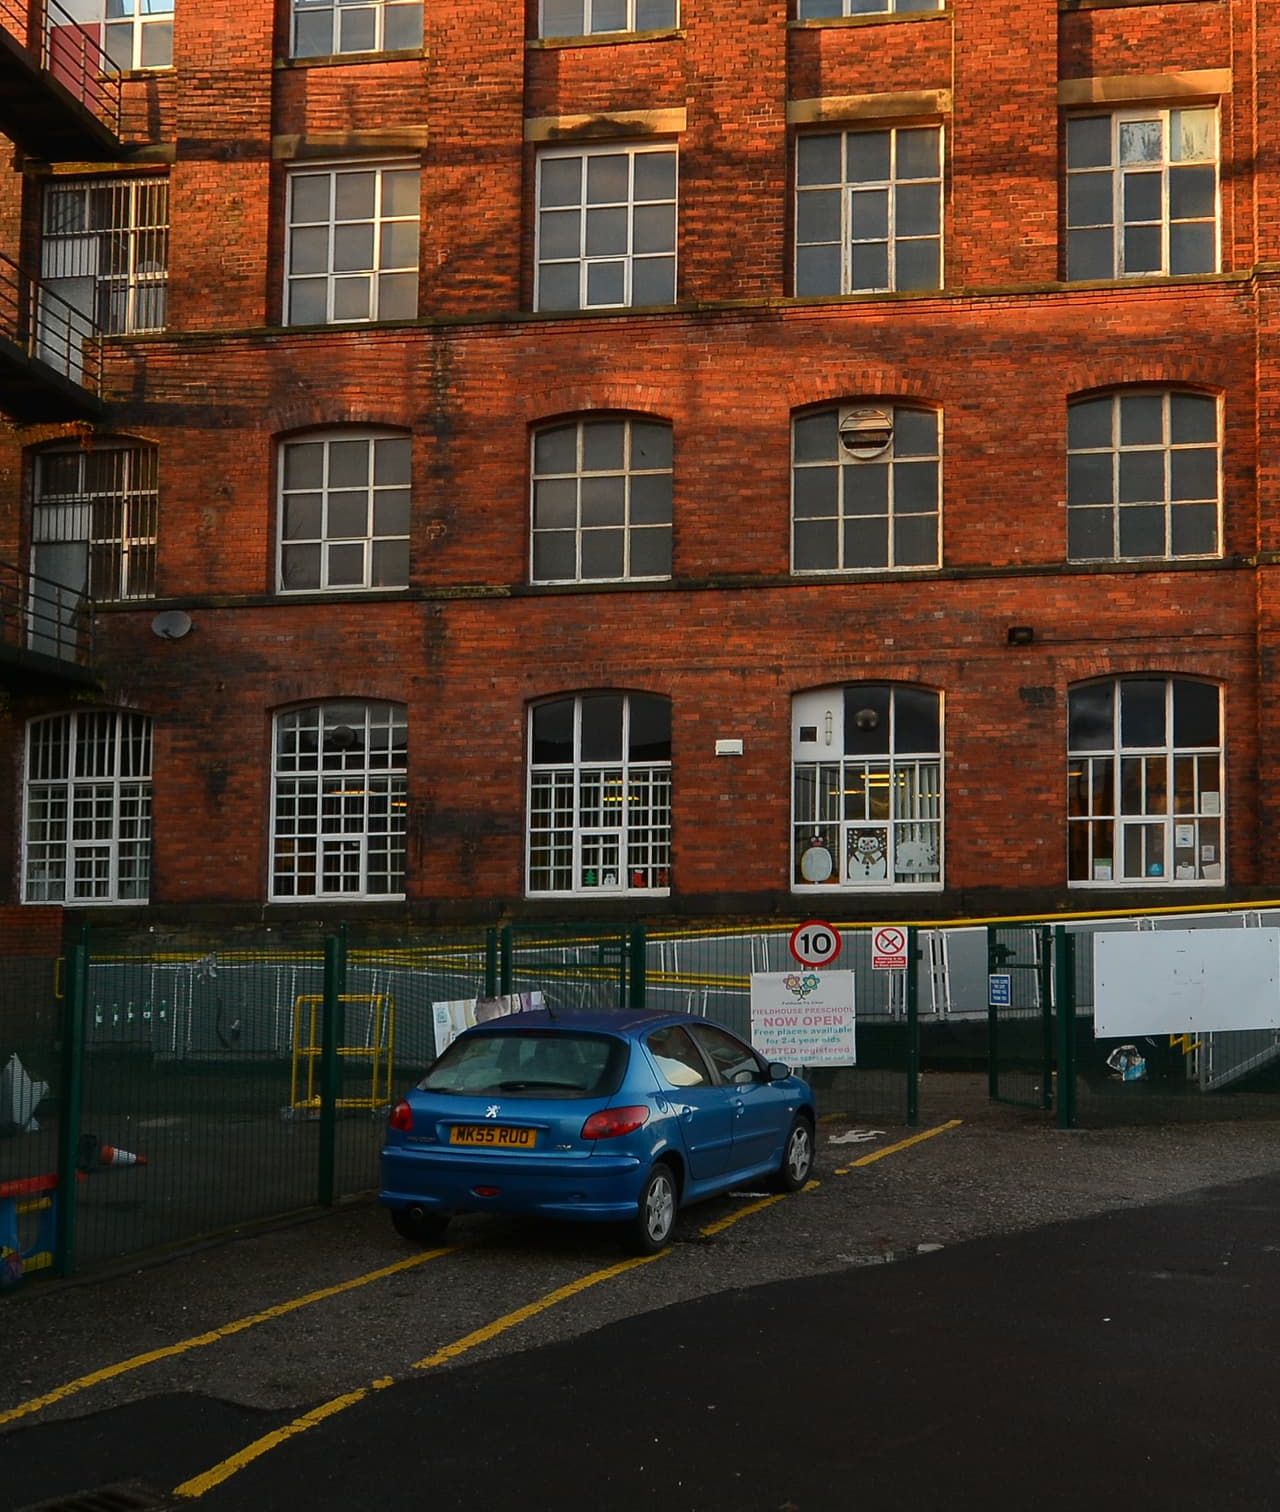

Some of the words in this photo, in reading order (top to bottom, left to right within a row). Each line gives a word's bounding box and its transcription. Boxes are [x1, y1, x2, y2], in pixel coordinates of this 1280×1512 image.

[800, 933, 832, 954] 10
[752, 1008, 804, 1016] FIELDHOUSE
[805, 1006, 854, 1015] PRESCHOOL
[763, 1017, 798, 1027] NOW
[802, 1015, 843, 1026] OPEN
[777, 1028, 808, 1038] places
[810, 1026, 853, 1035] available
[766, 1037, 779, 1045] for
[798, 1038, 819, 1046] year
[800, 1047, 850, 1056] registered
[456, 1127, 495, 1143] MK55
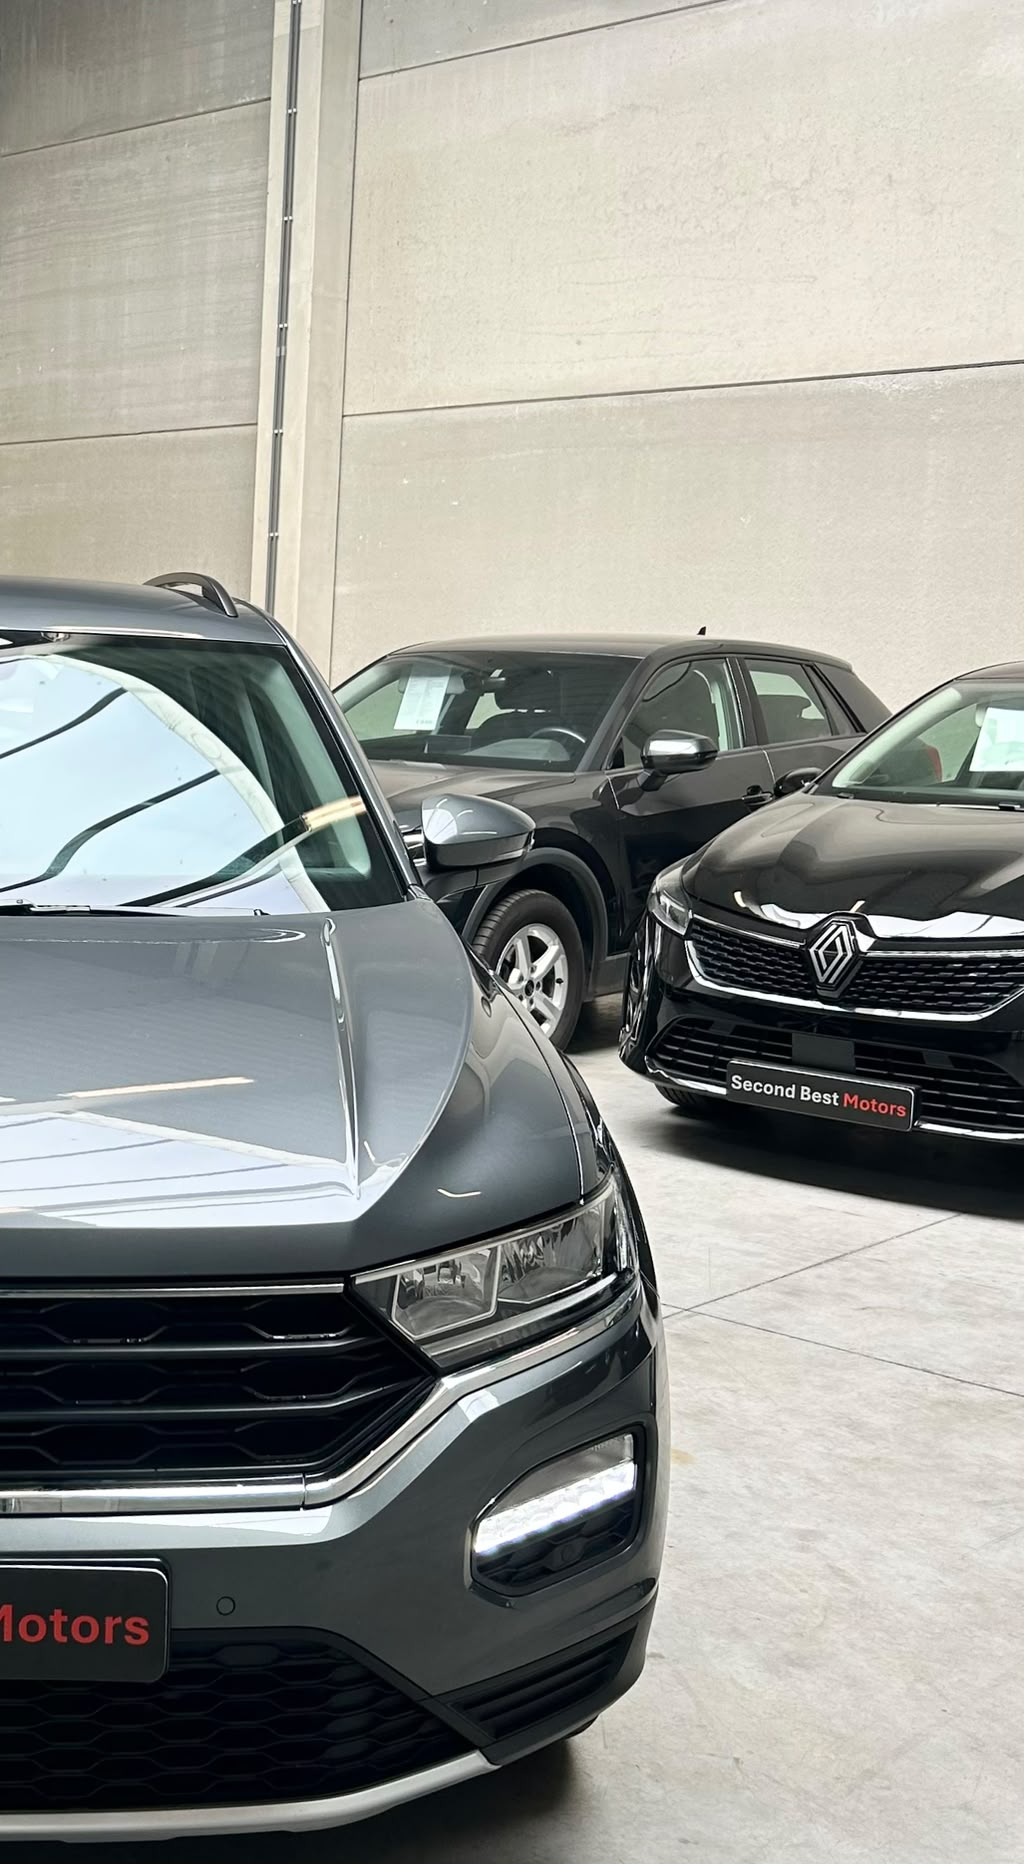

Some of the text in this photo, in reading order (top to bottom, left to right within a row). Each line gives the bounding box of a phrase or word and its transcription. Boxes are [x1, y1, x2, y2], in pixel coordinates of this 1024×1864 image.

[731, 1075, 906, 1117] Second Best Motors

*Exercise goal:*
Once the images are dropped, set down the remaining material word for word.

*Solution to the exercise:*
Some of the words in this photo, in reading order (top to bottom, left to right within a row). Each line gives a word's bounding box and its transcription. Boxes are [x1, y1, x2, y2], in pixel coordinates of this 1280×1512 image.

[800, 933, 832, 954] 10
[752, 1008, 804, 1016] FIELDHOUSE
[805, 1006, 854, 1015] PRESCHOOL
[763, 1017, 798, 1027] NOW
[802, 1015, 843, 1026] OPEN
[777, 1028, 808, 1038] places
[810, 1026, 853, 1035] available
[766, 1037, 779, 1045] for
[798, 1038, 819, 1046] year
[800, 1047, 850, 1056] registered
[456, 1127, 495, 1143] MK55

Some of the text in this photo, in reading order (top to bottom, left to right within a row). Each line gives the bounding box of a phrase or word and its transcription. Boxes are [x1, y1, x2, y2], in pixel coordinates of this 1024×1864 image.

[731, 1075, 906, 1117] Second Best Motors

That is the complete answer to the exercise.